From a legal point of view, articles 4 and 8 of the Audio-Visual Media Law No. 26, for the year 2015, grant the competent authorities the power to regulate media outlets and ensure that they conform with the laws and public interests.

Furthermore, it is crucial to provide specialized centers, online links, and help lines to help anyone suffering from mental illnesses and start an awareness campaign about suicide, especially among young people.

Hopefully, adopting new monitoring policies and including a link offering help in all news about suicide will lead to a safer environment for our generation and others to engage in.

Today, filming and posting a suicide on Facebook has become a regular occurrence. It is shocking and makes one sad and angry. That someone takes his own life is tragic enough as it is, but that some bystanders feel the need to post it on social media and film it in the first place makes us wonder who is more in need of mental health support.

We believe that the media should be part of the solution when it comes to informing the public about issues such as suicides that affect communities and families everywhere. For this to happen, they must not only stick to their mandate to “do no harm”, but they must also offer an opportunity for people to know that help is at hand for those who need it, and that it is OK to talk about one’s issues because nothing is more important than a human life.

To be able to do that effectively, the media must be equipped with the right tools: proper training on mental health coverage and a hotline that media outlets can publish whenever these issues are discussed, where anyone will receive the help and support so badly deserve.

This unhealthy exposure of other people’s tragedies, as though they were movies to entertain our society, should be ended. And there is an urgent need to develop a hotline for media outlets to use, and that can be promoted in public places, which anyone who needs support can safely call and find the needed help.

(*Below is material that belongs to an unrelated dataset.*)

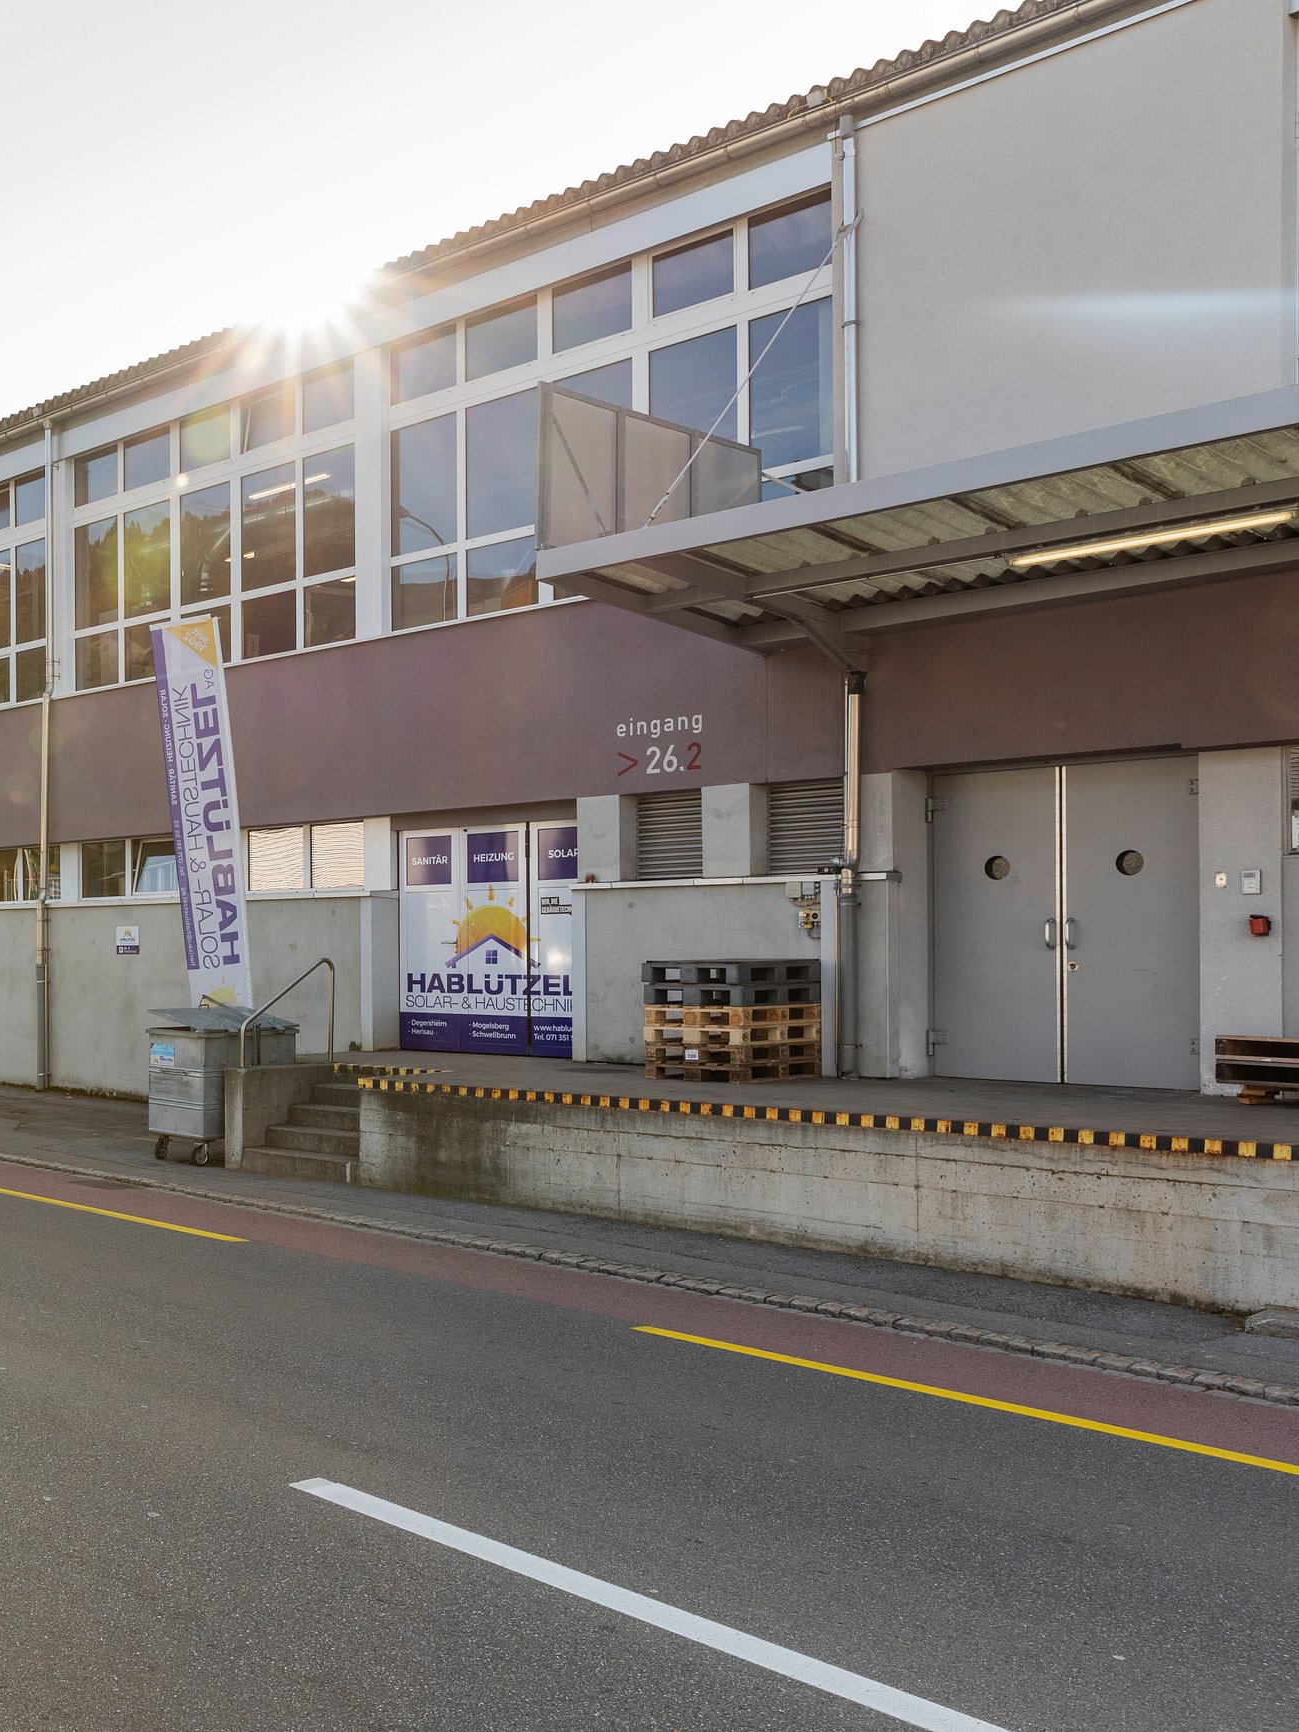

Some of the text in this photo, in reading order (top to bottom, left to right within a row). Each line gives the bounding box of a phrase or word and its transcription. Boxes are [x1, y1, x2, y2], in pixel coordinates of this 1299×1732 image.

Mental health is part and parcel of our overall health. We saw, during the pandemic, how much we all suffered from isolation and how so many people were affected. It is important, and it is not shameful, to seek help to address mental issues. No one thinks it is shameful to go to the doctor for a broken arm. Having a mental health problem is no different. And the sooner we realize this, the sooner we can properly help those in our society who suffer from mental health issues.